Reproduce the listing below exactly, minus its pictures.

*** Opening of Material for this task ***

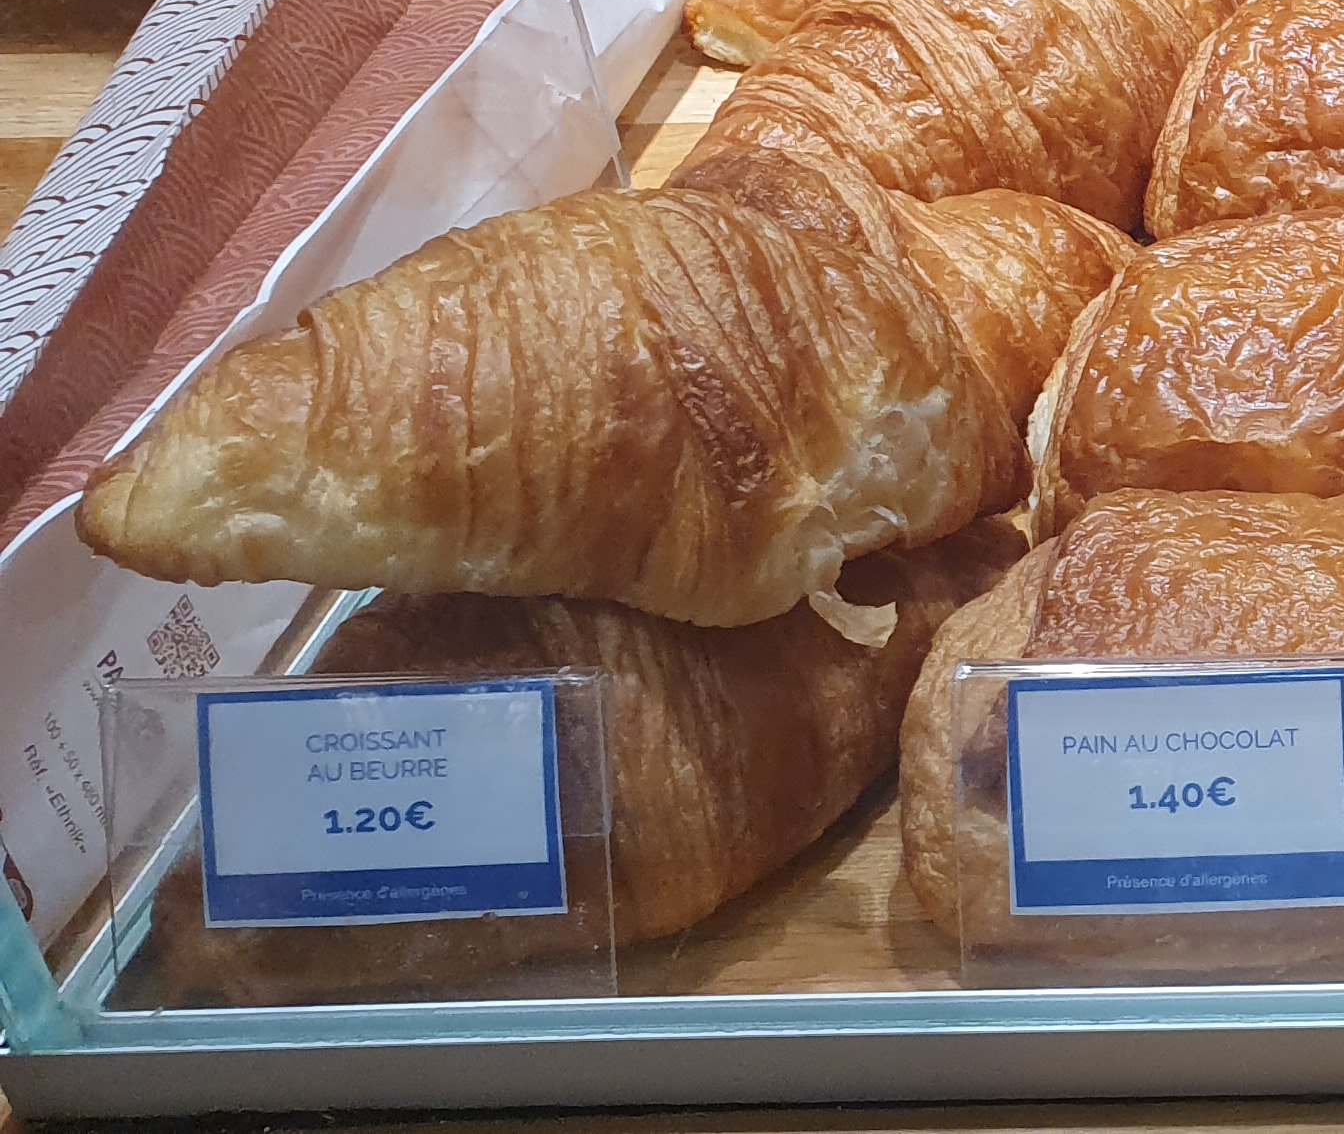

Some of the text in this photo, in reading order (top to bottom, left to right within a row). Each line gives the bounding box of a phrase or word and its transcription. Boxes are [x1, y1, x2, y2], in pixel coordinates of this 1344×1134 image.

[305, 728, 448, 754] CROISSANT
[1062, 727, 1300, 755] PAIN AU CHOCOLAT
[306, 757, 448, 784] AU BEURRE
[1127, 776, 1237, 815] 1.40€
[322, 799, 436, 835] 1.20€

*** Close of Material for this task ***

[Exercise result]
Some of the text in this photo, in reading order (top to bottom, left to right within a row). Each line gives the bounding box of a phrase or word and its transcription. Boxes are [x1, y1, x2, y2], in pixel coordinates of this 1344×1134 image.

[305, 728, 448, 754] CROISSANT
[1062, 727, 1300, 755] PAIN AU CHOCOLAT
[306, 757, 448, 784] AU BEURRE
[1127, 776, 1237, 815] 1.40€
[322, 799, 436, 835] 1.20€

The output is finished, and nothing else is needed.